Introducing BAE Systems OneArc (OneArcTM), a new kind of defense tech innovator — fast, open, and collaborative — delivering the synthetic environments that modern defense depends on. We unite decades of proven commercial innovation in simulation, interoperability, and geospatial technology with the scale and trust of BAE Systems, Inc.
The right balance. The right people. The right experience. The right solutions.
We have redefined U.S. and NATO defense training benchmarks, helped establish NATO interoperability standards, and earned the trust of more than 60 nations and 300 integrators.
Derisk.
We offer more than 30 years of trail-blazing experience in synthetic training, simulations, interoperability, geospatial, data analytics, and AI.
Deliver.
We deliver a comprehensive and growing portfolio of ready-to-go products, services and solutions, as well as custom software that ensure decision advantage and mission success.
Panic Log Analyzer | Idevice
The tool is implemented in Python 3.11, dependencies: regex , scikit-learn (optional for ML). A command-line interface:
The next time your iPhone restarts out of nowhere, don't just sigh and wait for it to boot up. Dig into the Analytics data. With a Panic Log Analyzer, you can stop guessing and start fixing. Whether you are an end-user trying to save your data or a pro technician diagnosing a board failure, the answer is written in the logs—you just need the right tool to read it.

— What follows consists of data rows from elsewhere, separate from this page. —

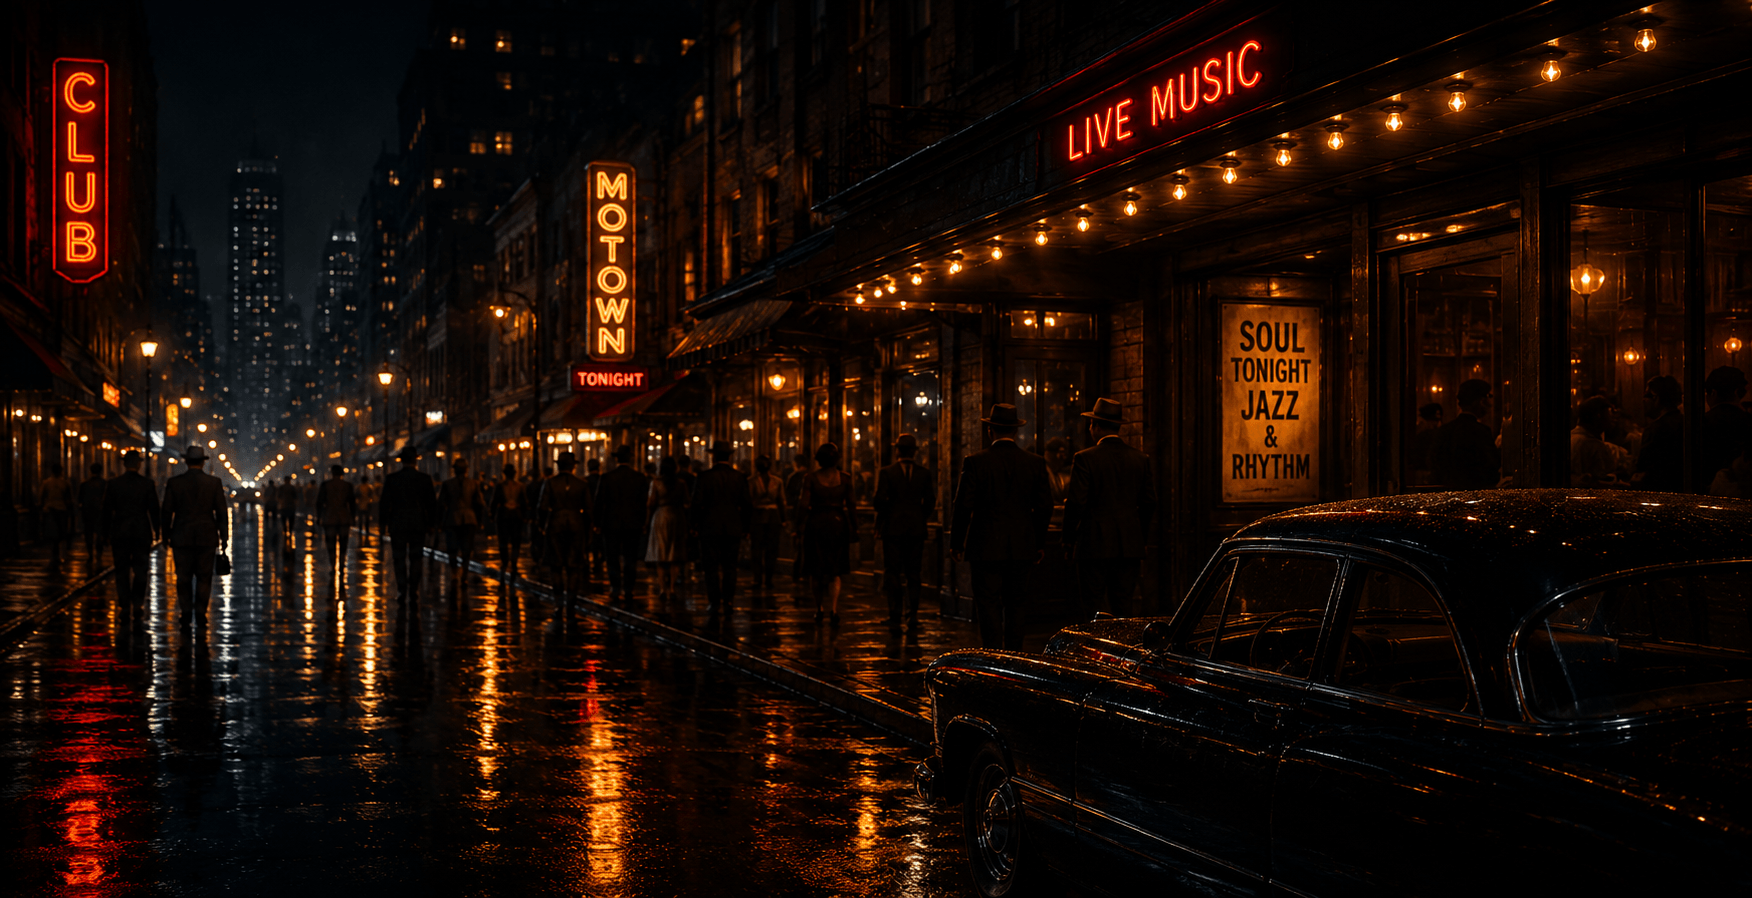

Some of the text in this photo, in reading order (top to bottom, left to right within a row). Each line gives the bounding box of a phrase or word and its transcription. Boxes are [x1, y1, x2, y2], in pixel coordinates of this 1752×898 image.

[1067, 40, 1263, 162] LIVE MUSIC
[64, 71, 97, 263] CLUB
[595, 171, 629, 355] MOTOWN
[1240, 320, 1305, 353] SOUL
[577, 371, 644, 387] TONIGHT
[1231, 357, 1311, 383] TONIGHT
[1241, 390, 1299, 420] JAZZ
[1264, 425, 1278, 448] &
[1232, 454, 1310, 480] RHYTHM
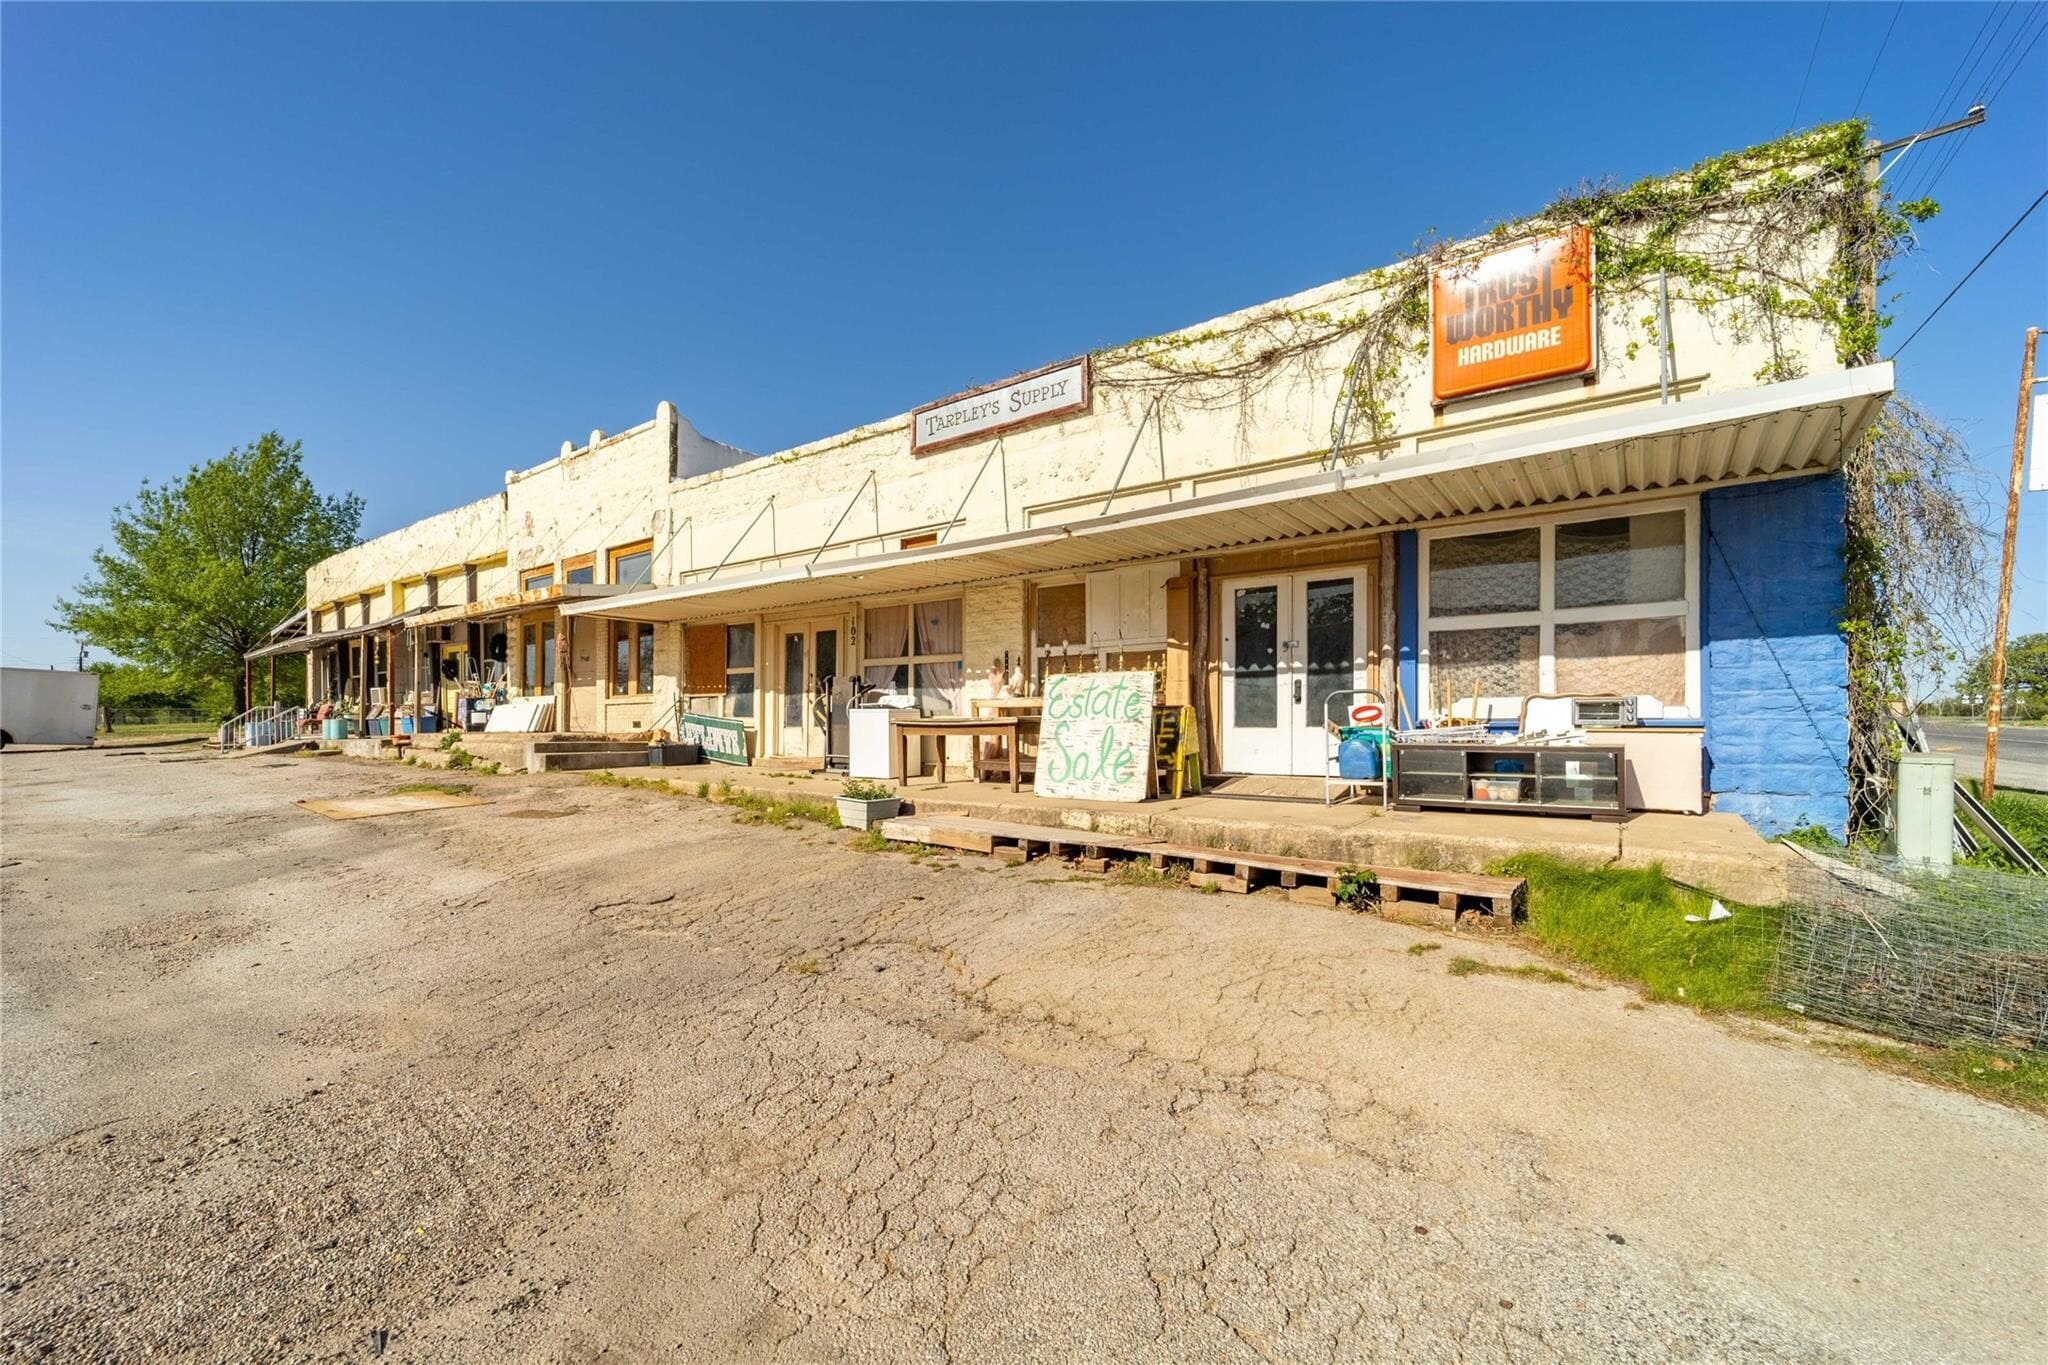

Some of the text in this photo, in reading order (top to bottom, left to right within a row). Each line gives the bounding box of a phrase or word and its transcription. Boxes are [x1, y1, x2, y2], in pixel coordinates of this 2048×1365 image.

Kernel panics on Apple iDevices (iPhone, iPad, iPod touch) produce cryptic binary or ASCII panic logs. Manual interpretation is error-prone and time-consuming. This paper presents the design and implementation of a specialized iDevice Panic Log Analyzer —a tool that parses, decodes, and correlates panic data to identify root causes, faulty tweaks (jailbreak environments), or hardware defects. We describe the log structure, key fields, common panic types, and a rule-based inference engine. Evaluation on 500 real-world logs shows 94% accuracy in root-cause categorization.
This tool represents the shift from repair to data-driven surgery . It saves thousands of devices from landfills by identifying that a "total failure" is actually just a single, replaceable part screaming for help.

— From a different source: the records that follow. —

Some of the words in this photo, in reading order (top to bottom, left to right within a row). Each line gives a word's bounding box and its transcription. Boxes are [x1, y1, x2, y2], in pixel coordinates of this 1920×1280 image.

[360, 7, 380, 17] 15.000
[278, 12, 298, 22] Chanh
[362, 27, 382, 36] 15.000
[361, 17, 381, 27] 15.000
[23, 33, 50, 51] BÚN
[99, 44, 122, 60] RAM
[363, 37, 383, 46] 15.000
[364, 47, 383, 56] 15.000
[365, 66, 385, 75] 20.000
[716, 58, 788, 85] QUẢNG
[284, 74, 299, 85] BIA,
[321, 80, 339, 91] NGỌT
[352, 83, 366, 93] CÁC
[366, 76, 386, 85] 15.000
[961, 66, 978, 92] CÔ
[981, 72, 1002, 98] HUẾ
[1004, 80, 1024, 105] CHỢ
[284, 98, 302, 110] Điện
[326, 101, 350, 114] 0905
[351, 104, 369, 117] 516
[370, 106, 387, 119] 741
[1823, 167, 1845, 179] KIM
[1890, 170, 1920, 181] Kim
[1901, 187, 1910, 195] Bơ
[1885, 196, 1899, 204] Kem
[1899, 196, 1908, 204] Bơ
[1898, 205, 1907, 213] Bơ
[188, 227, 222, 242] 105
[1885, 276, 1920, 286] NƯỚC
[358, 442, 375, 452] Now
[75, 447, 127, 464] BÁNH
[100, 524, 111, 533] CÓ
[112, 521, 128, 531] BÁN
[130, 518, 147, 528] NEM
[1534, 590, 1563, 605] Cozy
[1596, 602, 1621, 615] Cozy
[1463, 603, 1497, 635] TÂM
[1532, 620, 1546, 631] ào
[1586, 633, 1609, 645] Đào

The analyzer flags such logs with ⚠️ Likely tweak-related . It can optionally map panic PC to known hooking frameworks using a signature database.
Panic String: "TLB parity error" Confidence: Hardware (92%) Root Cause: Probable CPU cache/memory controller defect Action: Run Apple Diagnostics; replace device if recurring.

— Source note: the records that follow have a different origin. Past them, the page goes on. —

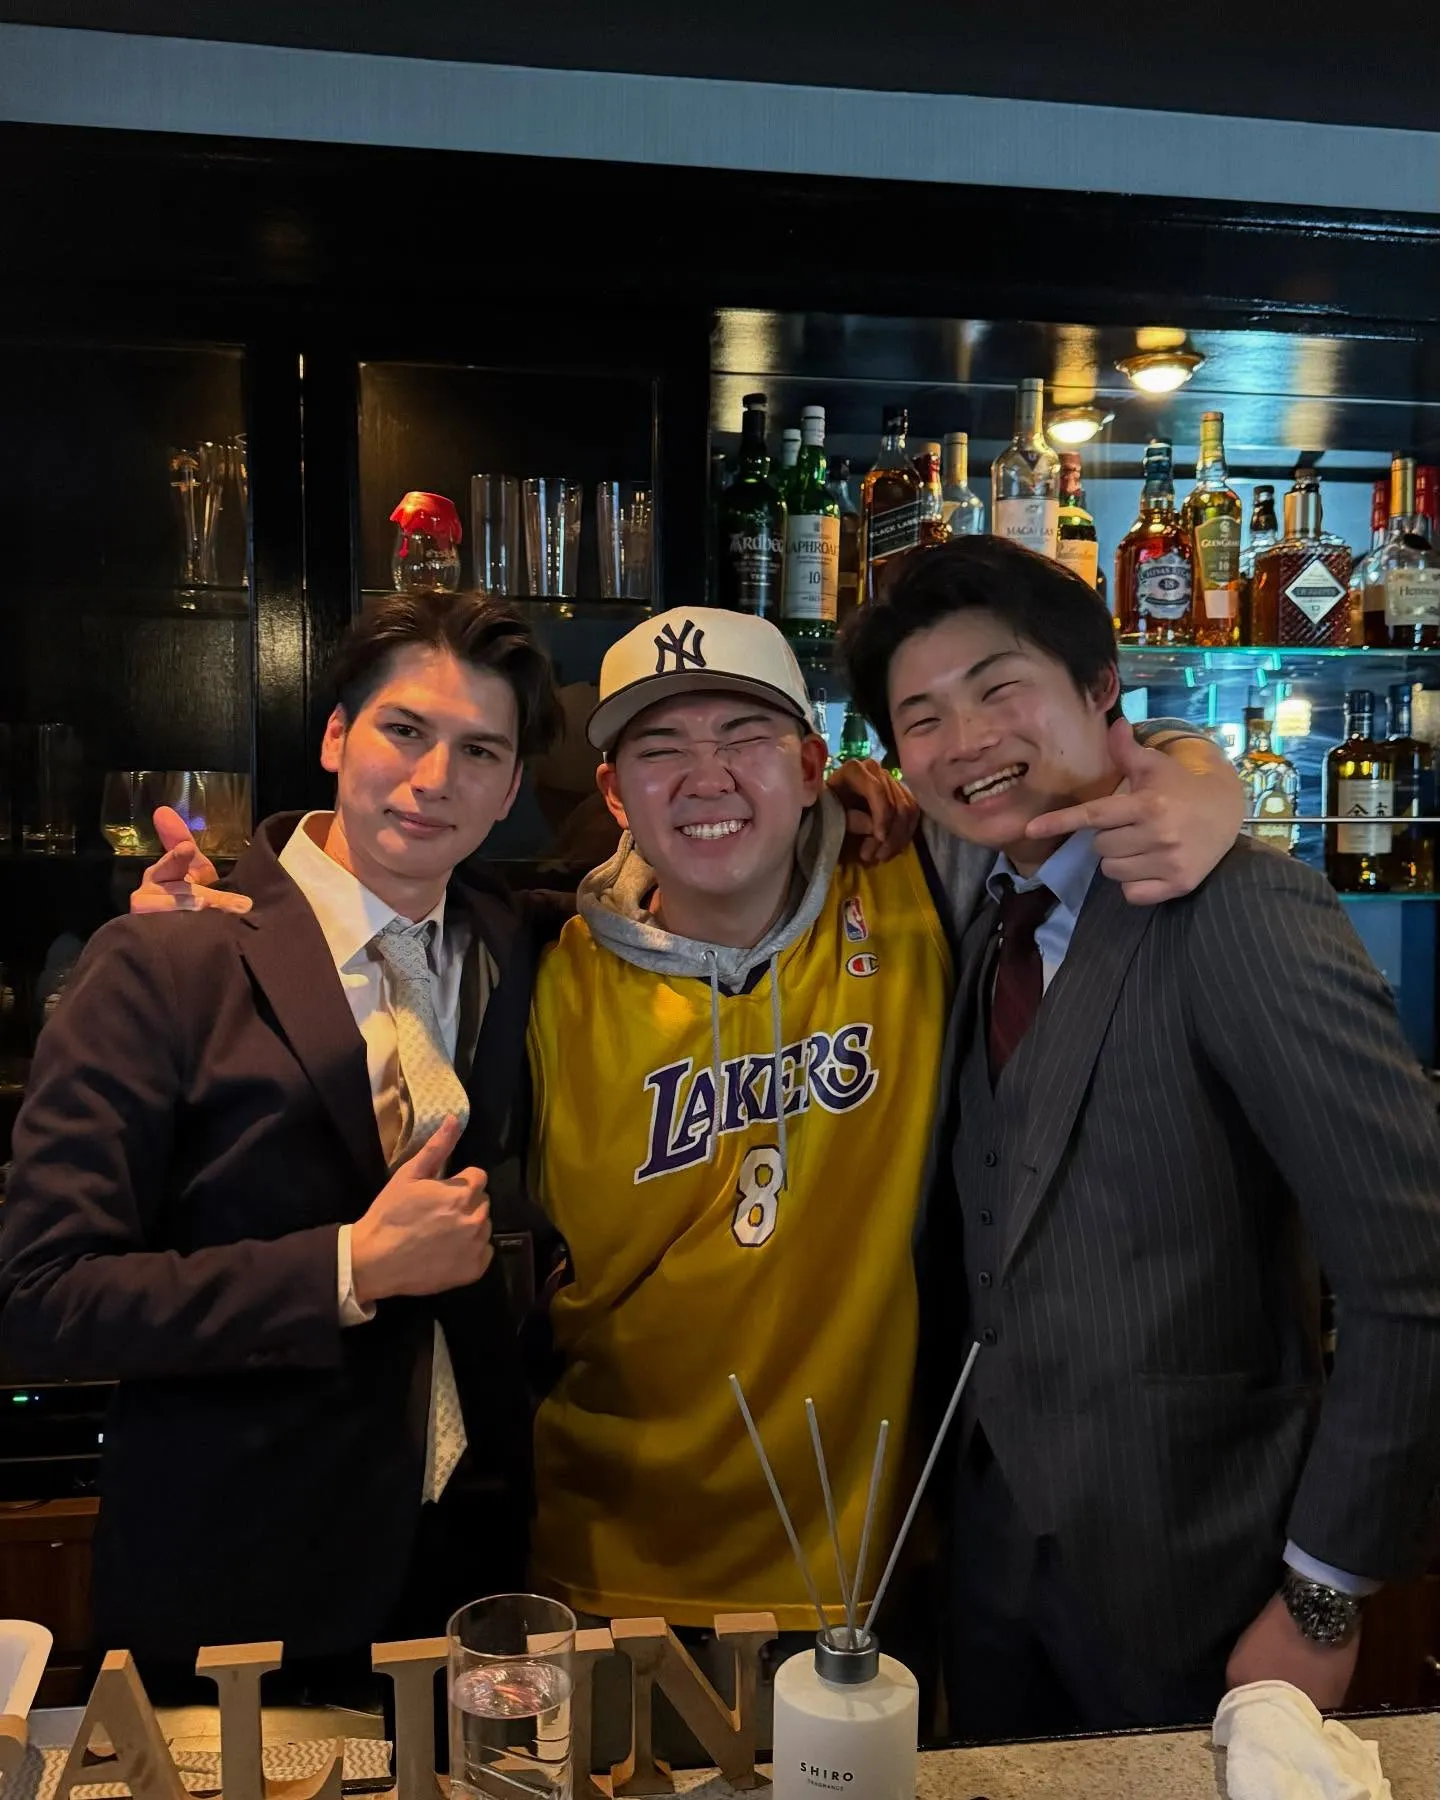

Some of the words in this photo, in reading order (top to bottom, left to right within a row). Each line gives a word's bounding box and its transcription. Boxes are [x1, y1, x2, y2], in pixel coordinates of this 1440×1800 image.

[809, 571, 821, 584] 10
[1164, 579, 1175, 589] 18
[634, 1023, 880, 1184] LAKERS
[731, 1144, 784, 1248] 8
[800, 1761, 854, 1782] SHIRO

OneArc will be attending FIDAE 2026, where our Business Development Director for EMEA Craig Turner will be ready to discuss how our simulation products and Solutions ... Read More
Apr 07, 2026
Santiago International Airport, Santiago, Chile
Space Symposium 2026
OneArc will be attending Space Symposium, where our team of experts will be ready to discuss how our simulation products and Solutions can support your evolving train... Read More
Apr 13, 2026
The Broadmoor, Colorado Springs, CO USA
ITEC 2026
OneArc will be attending ITEC 2026, where our team of experts will be ready to discuss how our simulation products and Solutions can support your evolving training re... Read More
Apr 14, 2026
Excel Center, London, UK
The tool is implemented in Python 3.11, dependencies: regex , scikit-learn (optional for ML). A command-line interface:
The next time your iPhone restarts out of nowhere, don't just sigh and wait for it to boot up. Dig into the Analytics data. With a Panic Log Analyzer, you can stop guessing and start fixing. Whether you are an end-user trying to save your data or a pro technician diagnosing a board failure, the answer is written in the logs—you just need the right tool to read it.
Kernel panics on Apple iDevices (iPhone, iPad, iPod touch) produce cryptic binary or ASCII panic logs. Manual interpretation is error-prone and time-consuming. This paper presents the design and implementation of a specialized iDevice Panic Log Analyzer —a tool that parses, decodes, and correlates panic data to identify root causes, faulty tweaks (jailbreak environments), or hardware defects. We describe the log structure, key fields, common panic types, and a rule-based inference engine. Evaluation on 500 real-world logs shows 94% accuracy in root-cause categorization.
This tool represents the shift from repair to data-driven surgery . It saves thousands of devices from landfills by identifying that a "total failure" is actually just a single, replaceable part screaming for help.
The analyzer flags such logs with ⚠️ Likely tweak-related . It can optionally map panic PC to known hooking frameworks using a signature database.
Panic String: "TLB parity error" Confidence: Hardware (92%) Root Cause: Probable CPU cache/memory controller defect Action: Run Apple Diagnostics; replace device if recurring.